TASK PROMPT: In the copy, include every entry exactly but none of the pictures.

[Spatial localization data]
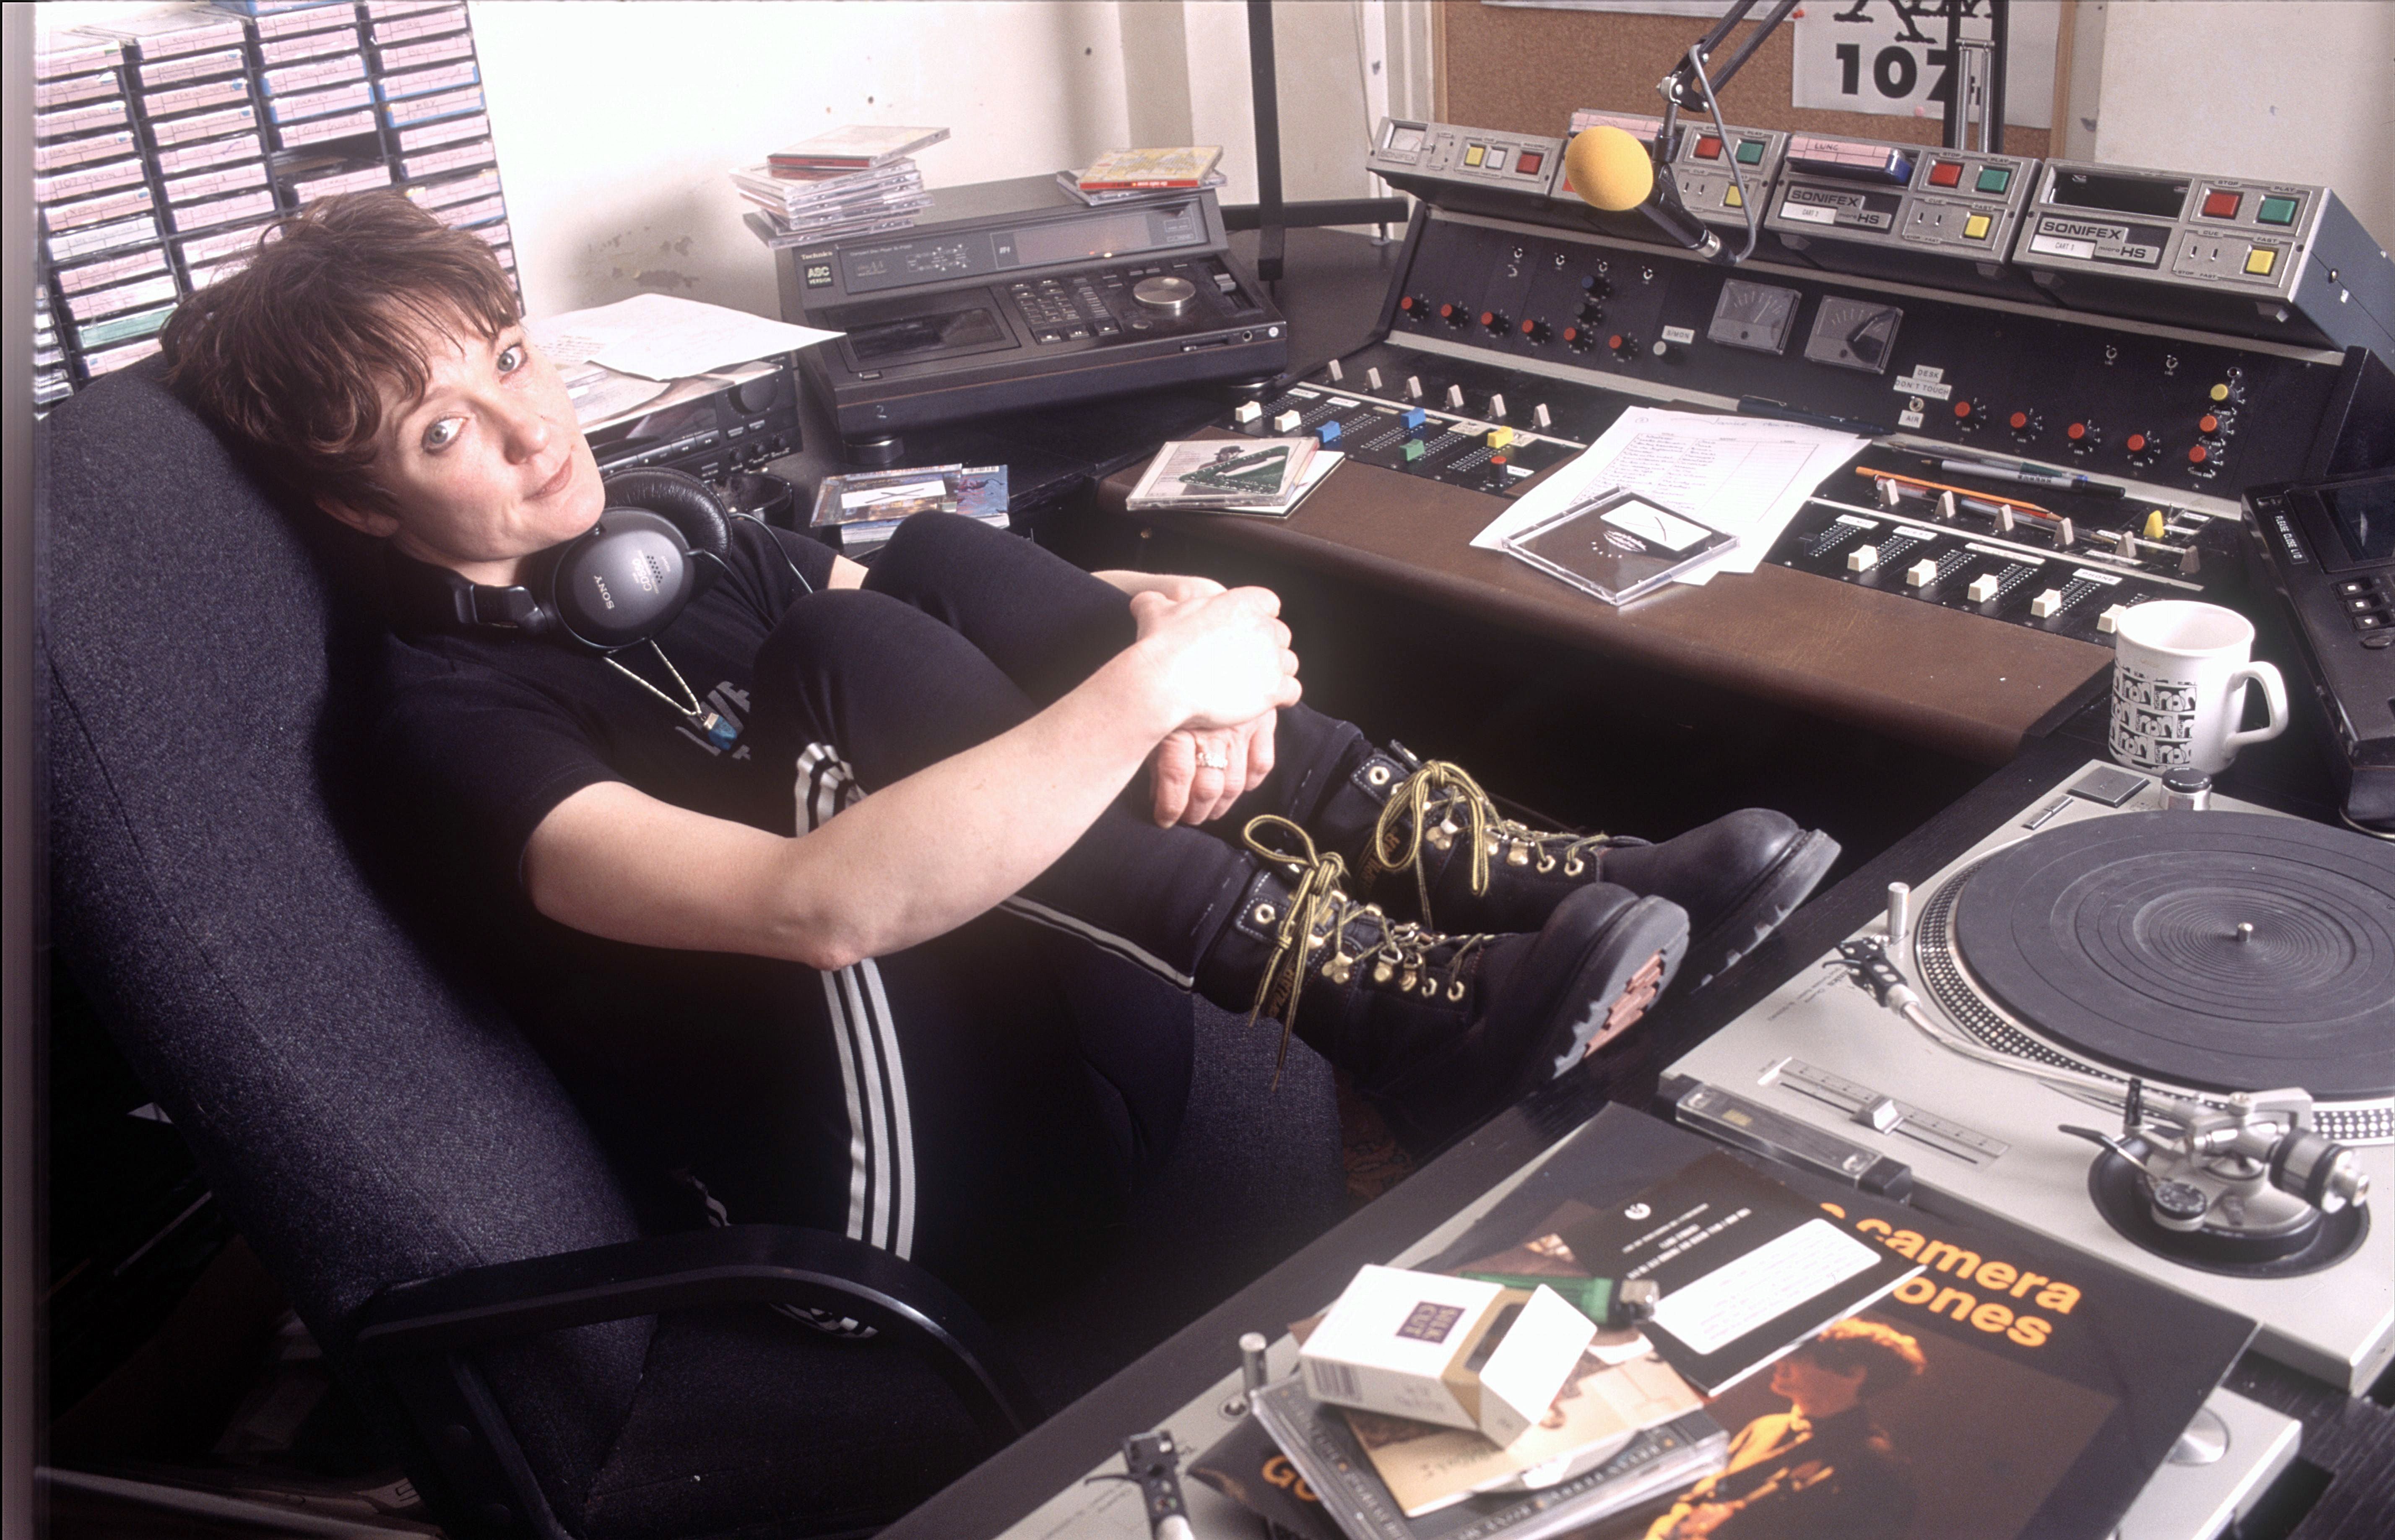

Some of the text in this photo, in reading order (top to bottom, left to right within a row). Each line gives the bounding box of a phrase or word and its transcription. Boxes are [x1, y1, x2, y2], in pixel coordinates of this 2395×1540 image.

[1792, 190, 1859, 207] SONIFEX
[1857, 213, 1880, 224] HS
[2044, 221, 2122, 239] SONIFEX
[801, 251, 833, 260] Technics
[2120, 247, 2146, 258] HS
[808, 266, 830, 278] ASC
[1917, 369, 1940, 378] DESK
[1895, 380, 1948, 395] DON'T TOUCH
[2275, 515, 2303, 559] PLEASE CLOSE LID
[2082, 572, 2114, 582] PHONE
[593, 575, 615, 609] SONY
[1856, 1218, 2082, 1314] camera
[1892, 1276, 2053, 1348] ones
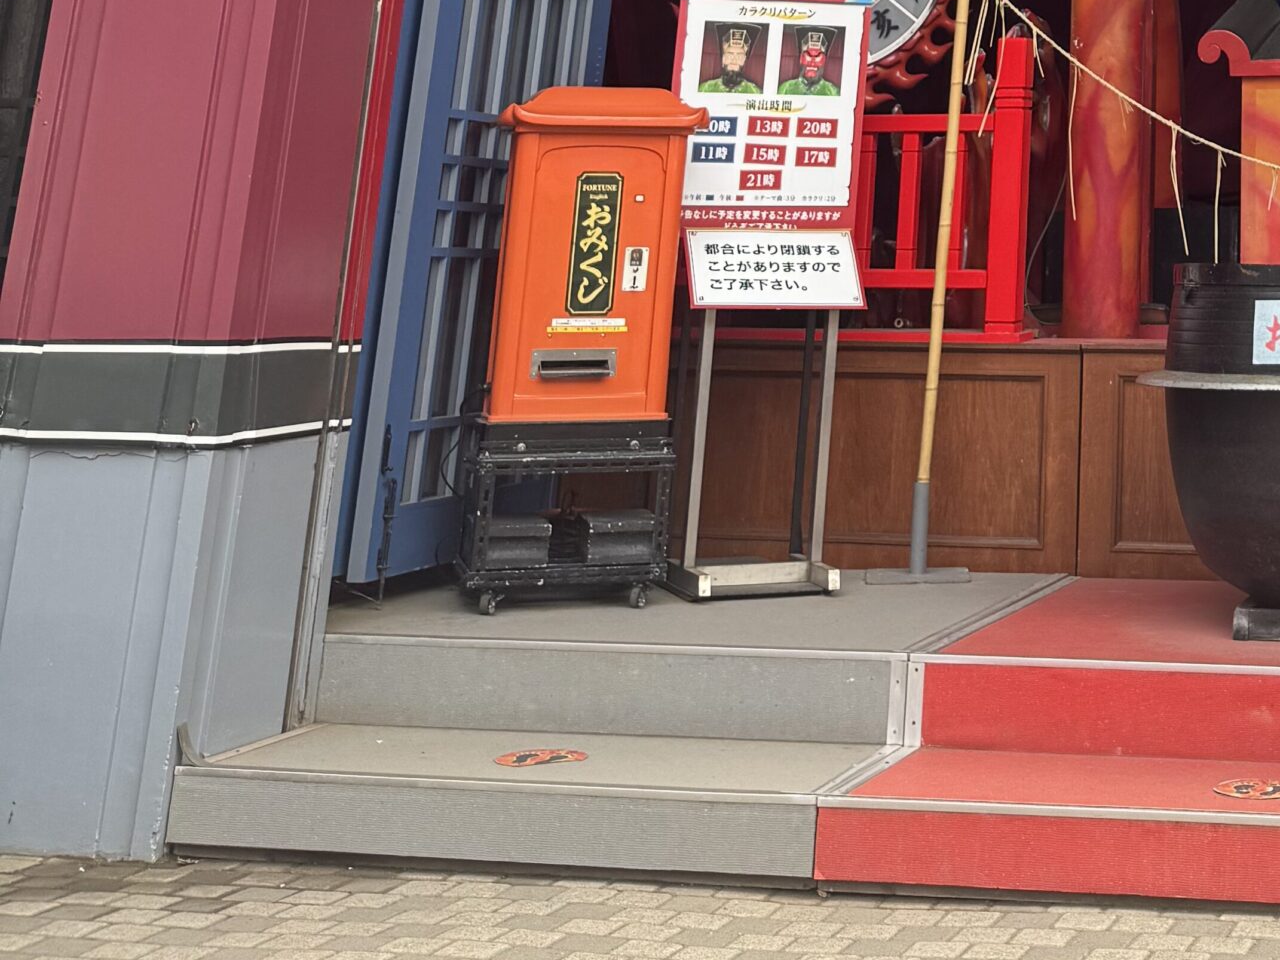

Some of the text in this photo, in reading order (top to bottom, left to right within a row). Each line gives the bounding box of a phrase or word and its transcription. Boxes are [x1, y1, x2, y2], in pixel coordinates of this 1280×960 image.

[738, 6, 816, 18] カラクリパターン
[745, 99, 792, 112] 演出時間
[704, 120, 832, 135] 0時 13時 20時
[699, 147, 830, 164] 11時 15時 17時
[746, 175, 775, 188] 21時
[577, 202, 612, 304] おみくじ
[704, 244, 840, 256] 都合により閉鎖する
[708, 261, 841, 273] ことがありますので
[710, 279, 808, 291] ご了承下さい。

ANSWER BOX:
Some of the text in this photo, in reading order (top to bottom, left to right within a row). Each line gives the bounding box of a phrase or word and its transcription. Boxes are [x1, y1, x2, y2], in pixel coordinates of this 2395×1540 image.

[1792, 190, 1859, 207] SONIFEX
[1857, 213, 1880, 224] HS
[2044, 221, 2122, 239] SONIFEX
[801, 251, 833, 260] Technics
[2120, 247, 2146, 258] HS
[808, 266, 830, 278] ASC
[1917, 369, 1940, 378] DESK
[1895, 380, 1948, 395] DON'T TOUCH
[2275, 515, 2303, 559] PLEASE CLOSE LID
[2082, 572, 2114, 582] PHONE
[593, 575, 615, 609] SONY
[1856, 1218, 2082, 1314] camera
[1892, 1276, 2053, 1348] ones

Some of the text in this photo, in reading order (top to bottom, left to right within a row). Each line gives the bounding box of a phrase or word and its transcription. Boxes are [x1, y1, x2, y2], in pixel coordinates of this 1280×960 image.

[738, 6, 816, 18] カラクリパターン
[745, 99, 792, 112] 演出時間
[704, 120, 832, 135] 0時 13時 20時
[699, 147, 830, 164] 11時 15時 17時
[746, 175, 775, 188] 21時
[577, 202, 612, 304] おみくじ
[704, 244, 840, 256] 都合により閉鎖する
[708, 261, 841, 273] ことがありますので
[710, 279, 808, 291] ご了承下さい。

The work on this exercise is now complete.